Lucy and Ricardo are going to encounter many pairs of cakes, and for each pair they will make a random choice as to whether to open the oven halfway along and look at the cake or to wait and taste the cake at the end. They are only allowed to make one observation each per pair of cakes; they can either open the oven halfway along and check whether their cake has risen, or they can taste their cake at the end, but not both. Their task is to record the results.

For the first pair of cakes, Lucy tastes her cake at the end of her conveyor and it tastes good. Ricardo does the same and finds that his cake tastes bad. For the second pair of cakes, Ricardo opens his oven halfway along and sees that the cake has risen. Lucy tastes her cake at the end and finds that it tastes good. And so on. After many cakes, they find:

Whenever Lucy’s cake rose early, Ricardo’s cake always tasted good.

Whenever Ricardo’s cake rose early, Lucy’s cake always tasted good.

In cases where both Lucy and Ricardo checked the ovens halfway along, 1/12 of the time both cakes had risen early.

If we use our common sense, honed by our experience of the world, these three observational facts lead us to infer that both cakes should taste good at least 1/12 of the time. We can infer this because:

when Ricardo and Lucy checked both ovens, they found that in 1/12 of the cases both cakes had risen, and

we know that when Ricardo’s cake has risen, Lucy’s tastes good and vice versa.

There is nothing surprising here, other than that they are rubbish bakers. However, here comes a shocking observation. In the quantum kitchen:

Both cakes never taste good.

How can that be? Using what seems like unimpeachable logic, we have concluded that in at least 1/12 of cases both cakes should taste good, and yet they never do.

It’s fun to play around and try to work out what is wrong with this reasoning – what possible mechanism could be in play to produce these strange results? Physics students like to do this in the pub. Long ago, the authors spent an evening figuring out why attaching a rod to the Moon and tapping it in morse code could not violate the principles of relativity by sending signals faster than light.

Figure 12.1. The quantum kitchen, from Paul Kwiat and Lucien Hardy’s ‘The Mystery of the Quantum Cakes’. (Figure 1 from ‘The Mystery of the Quantum Cakes’, by P. G. Kwiat and L. Hardy, American Journal of Physics, 68:33–36 (2000), https://doi.org/10.1119/1.19369. Reproduced here by permission of the authors and the American Association of Physics Teachers.)

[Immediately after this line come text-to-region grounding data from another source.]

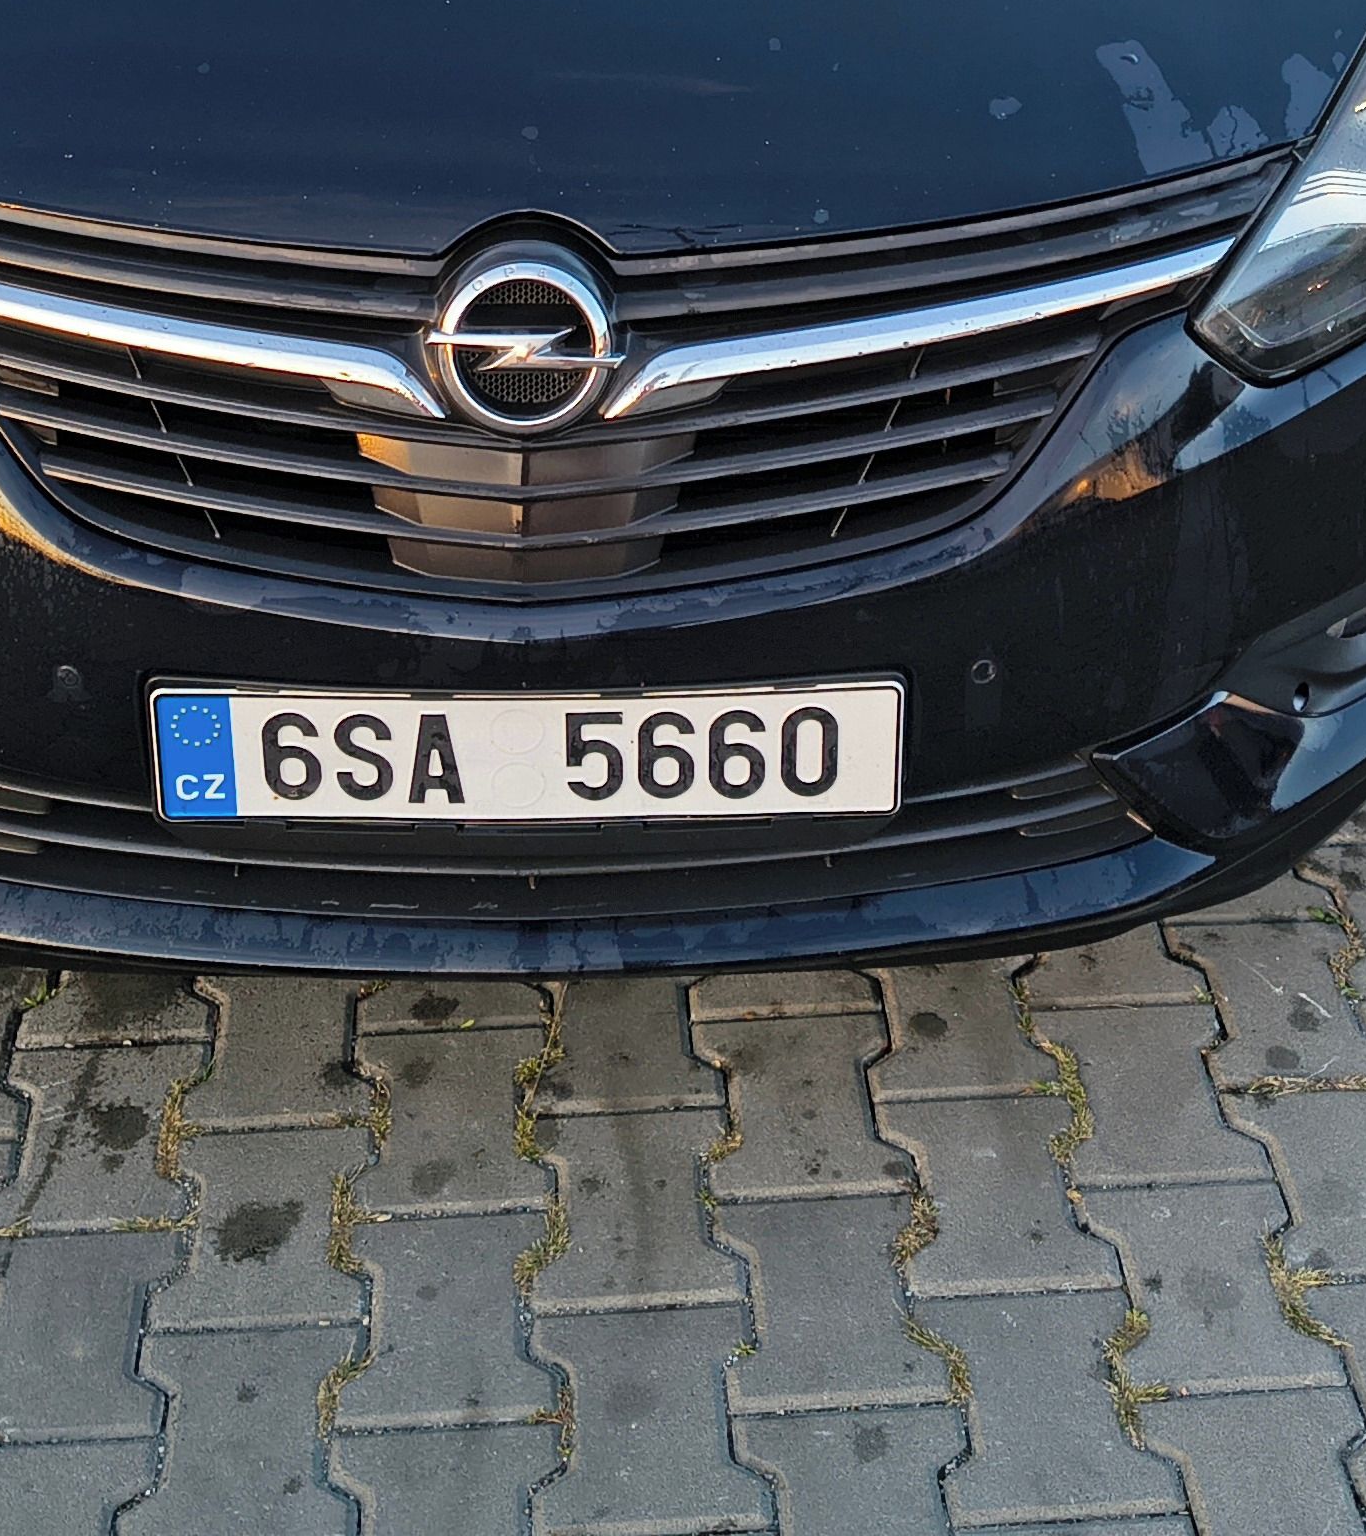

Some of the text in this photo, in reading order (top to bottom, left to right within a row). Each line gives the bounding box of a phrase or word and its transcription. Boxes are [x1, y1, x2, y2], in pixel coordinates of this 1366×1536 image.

[471, 266, 577, 292] OPEL
[261, 705, 840, 805] 6SA 5660
[175, 772, 227, 801] CZ
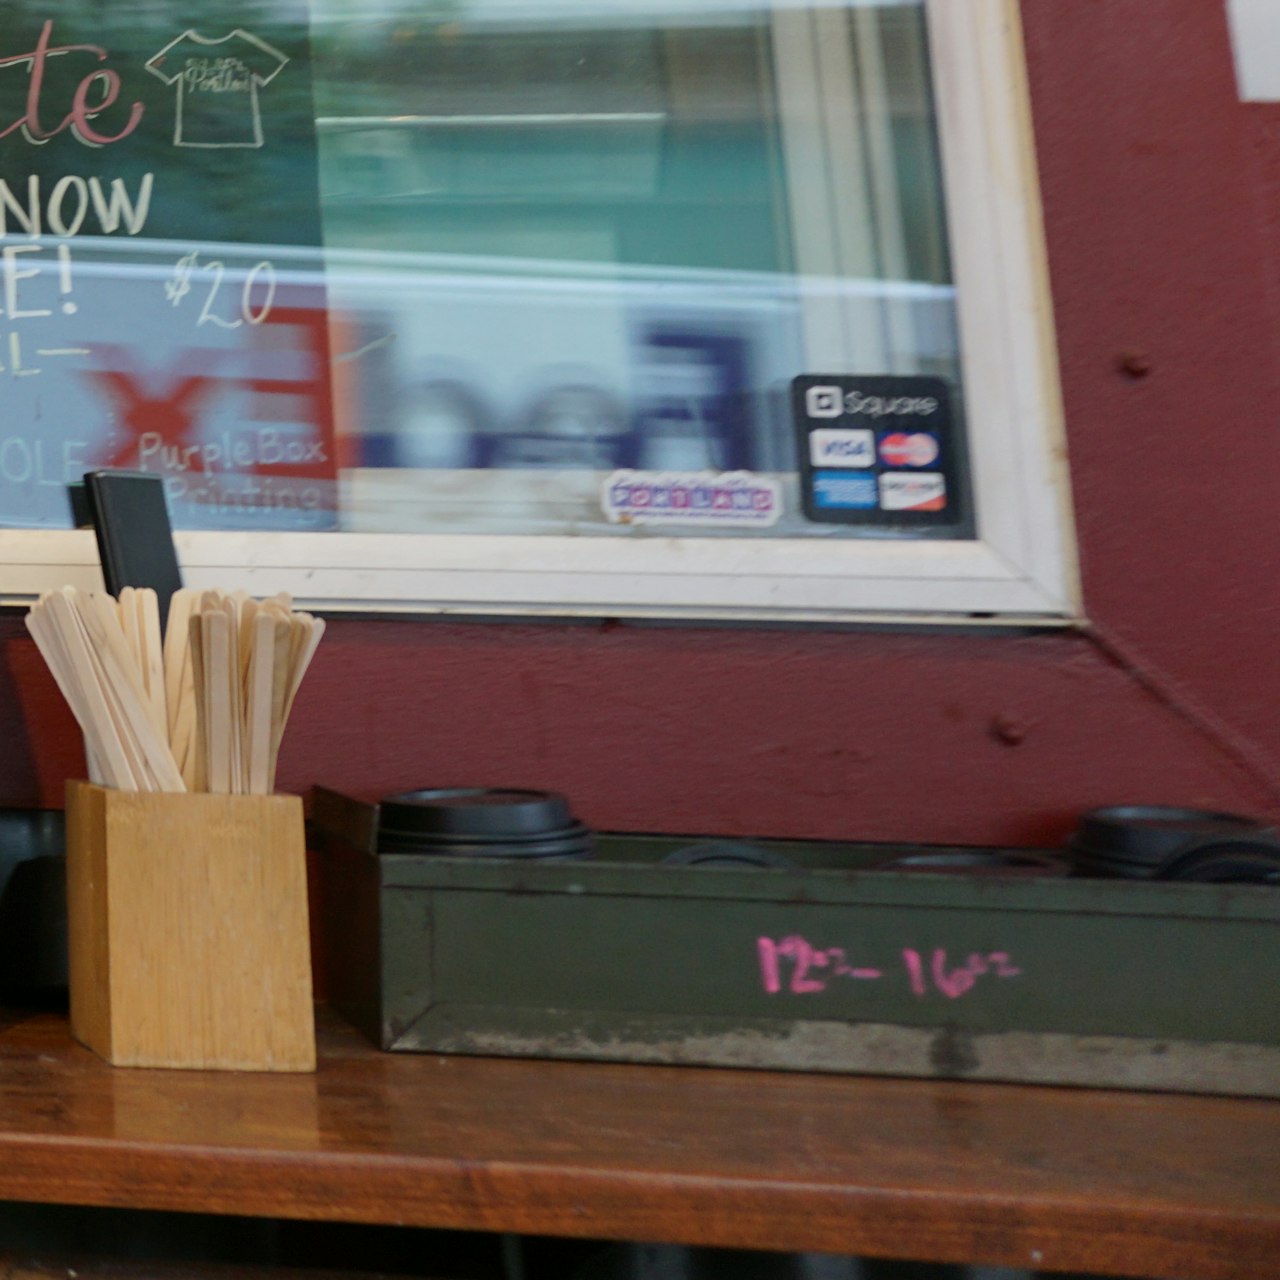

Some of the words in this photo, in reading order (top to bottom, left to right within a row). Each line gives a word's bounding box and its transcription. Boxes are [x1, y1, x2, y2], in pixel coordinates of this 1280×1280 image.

[166, 250, 277, 328] $20
[844, 390, 939, 418] Square
[823, 440, 866, 457] VISA
[166, 475, 321, 524] Printing
[612, 486, 773, 511] PORTLAND
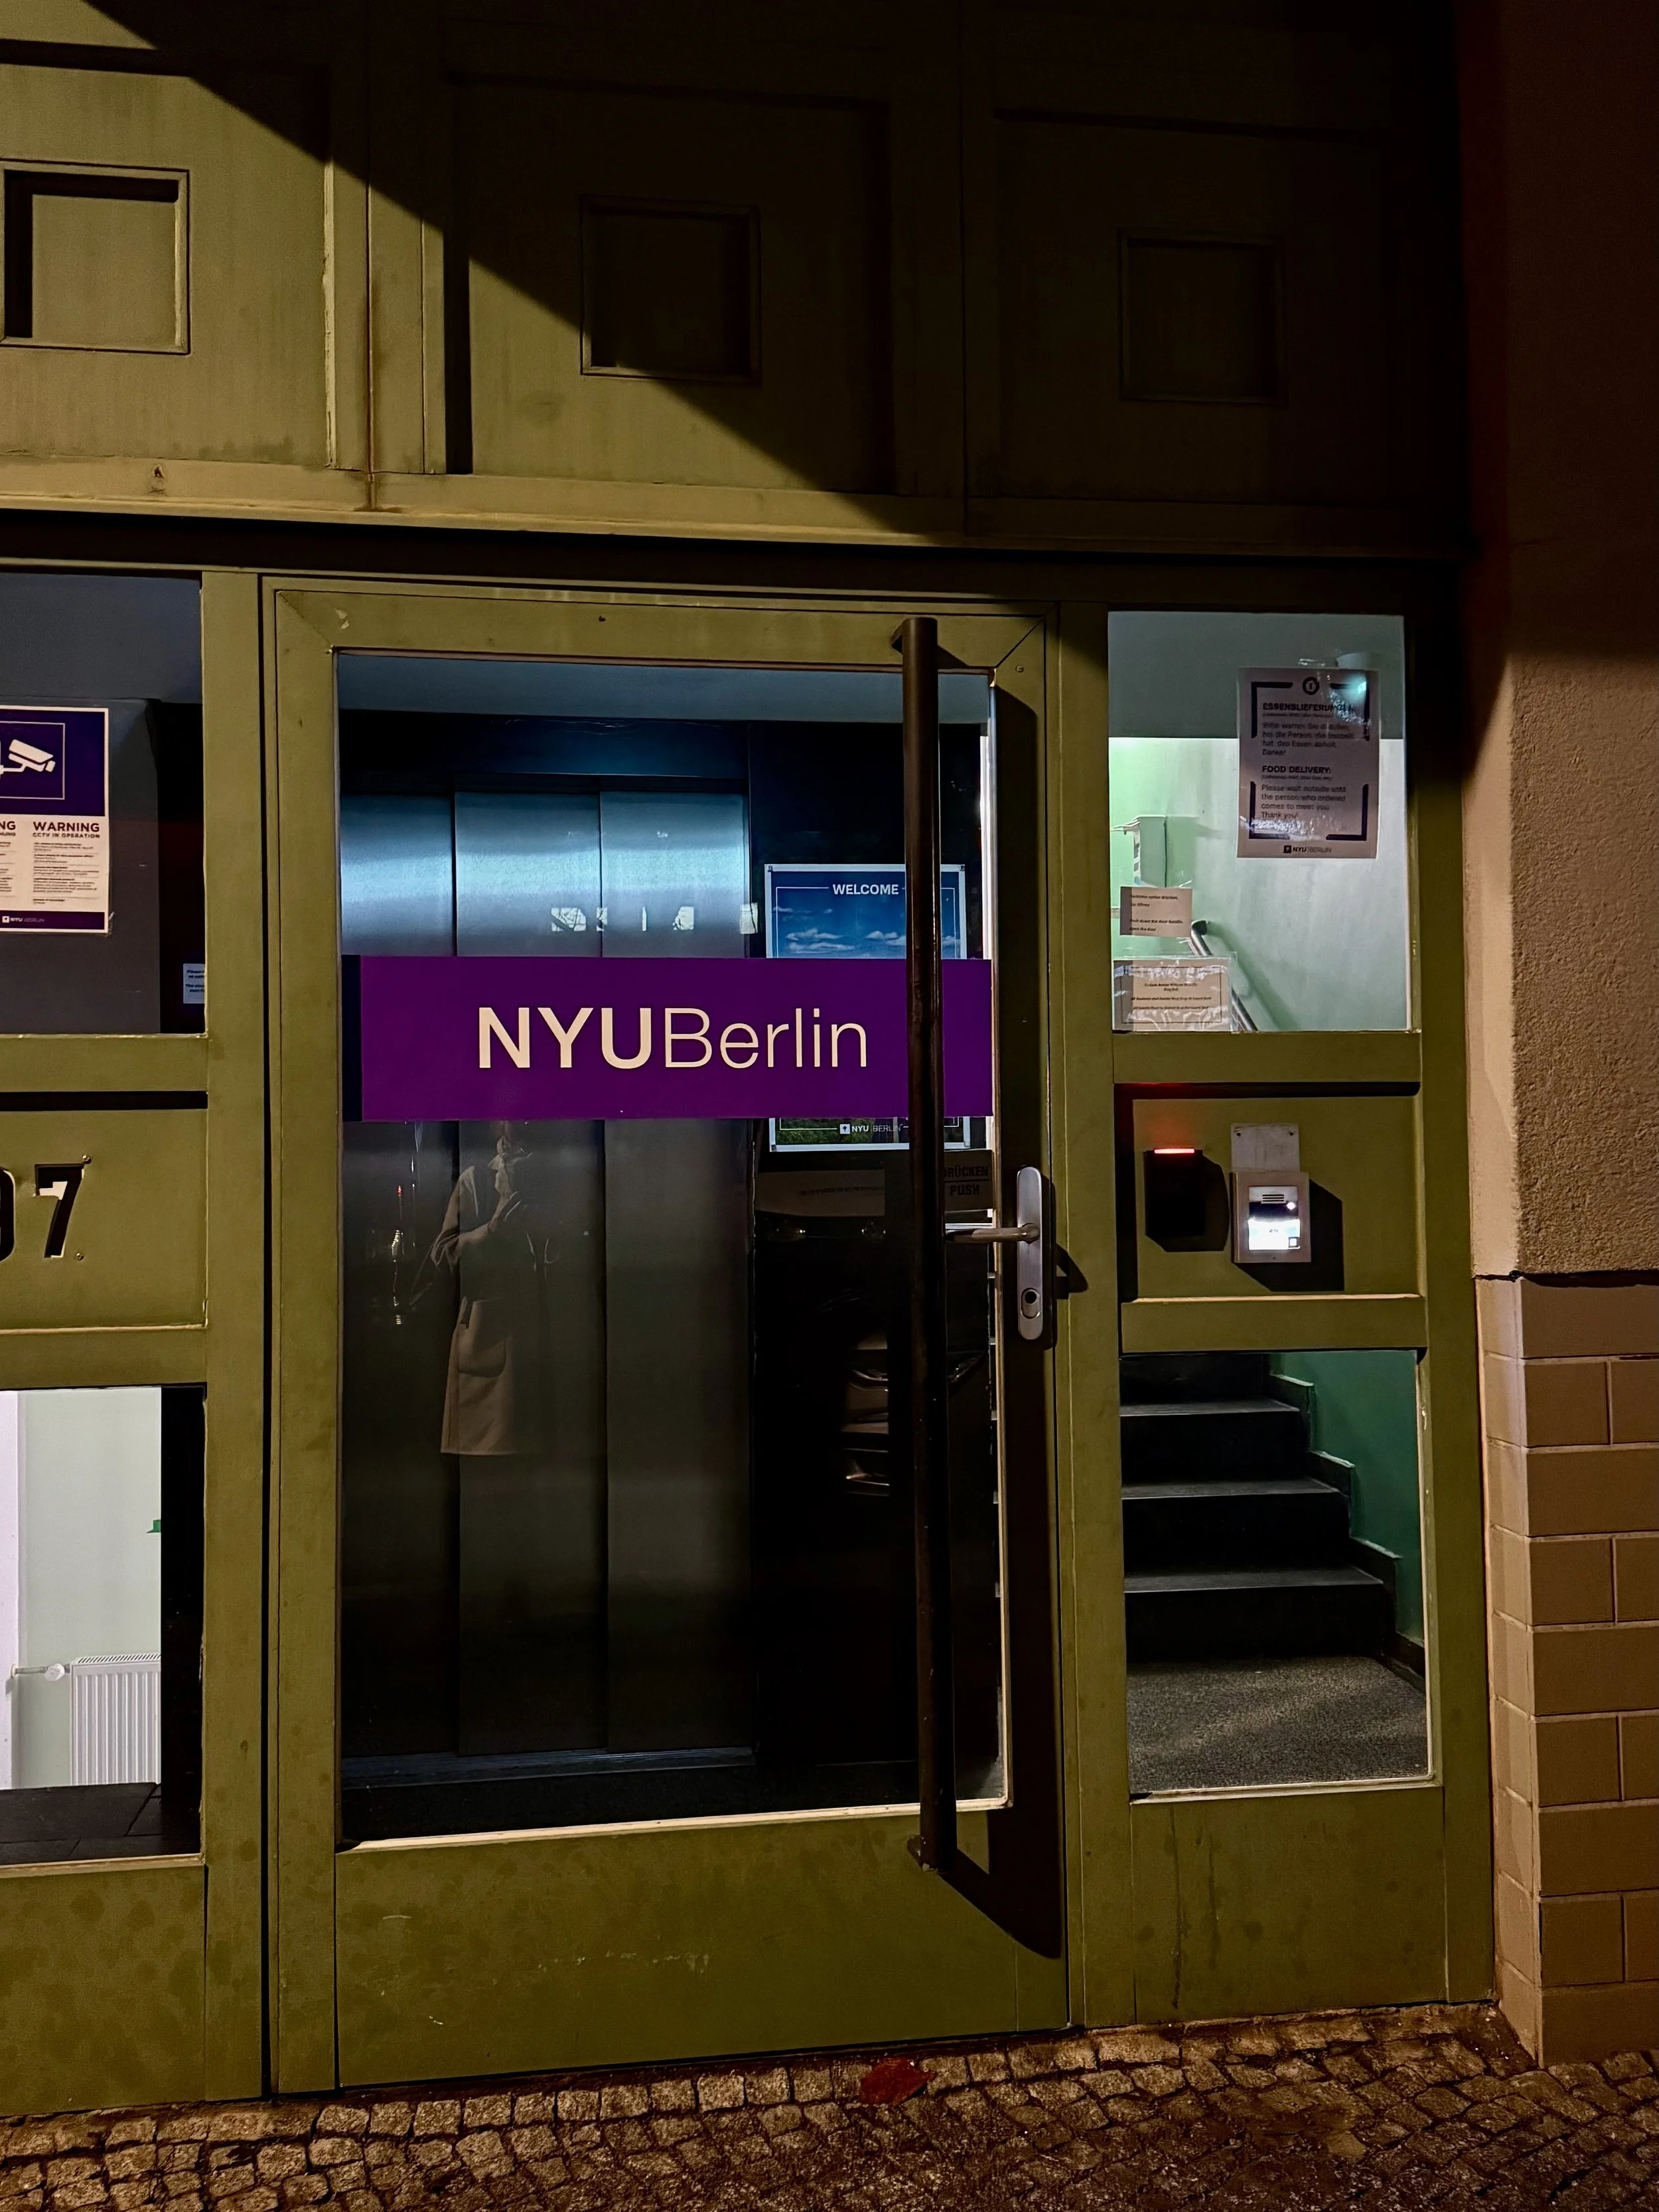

There could be some mechanism whereby the only way to make a good-tasting cake is if the other person opens their oven at the midway point. Maybe the act of opening one oven midway causes a sound that shakes the other oven in just such a way as to make its cake taste good. Or perhaps a tiny, heat-resistant culinary gnome is sitting in each oven watching what is happening to the other oven who ensures that their cake tastes good if they see the other oven door opened. Both these possibilities (which exploit a causal link) can be ruled out if we make the conveyor belts sufficiently long and fast-moving that no signal can travel between the ovens before the observations are made. The signal would need to depart after Lucy/Ricardo has decided to open their oven at the midway point and arrive at the other oven before Ricardo/Lucy tastes their cake. We can arrange things so that there isn’t enough time for this to happen. Or perhaps the chef who makes the cake mixture somehow knows in advance the measurement choices that Ricardo and Lucy are going to make. The chef could then produce a bad mixture at just the right time. This possibility can be eliminated if Ricardo and Lucy make their random decisions after the ovens have left the kitchen. And so on. There is one logical possibility that could explain the results without resorting to quantum theory: every event in the Universe is predetermined, freewill does not exist and the results were baked in at the beginning of time. Putting that aside, we are left with quantum mechanics.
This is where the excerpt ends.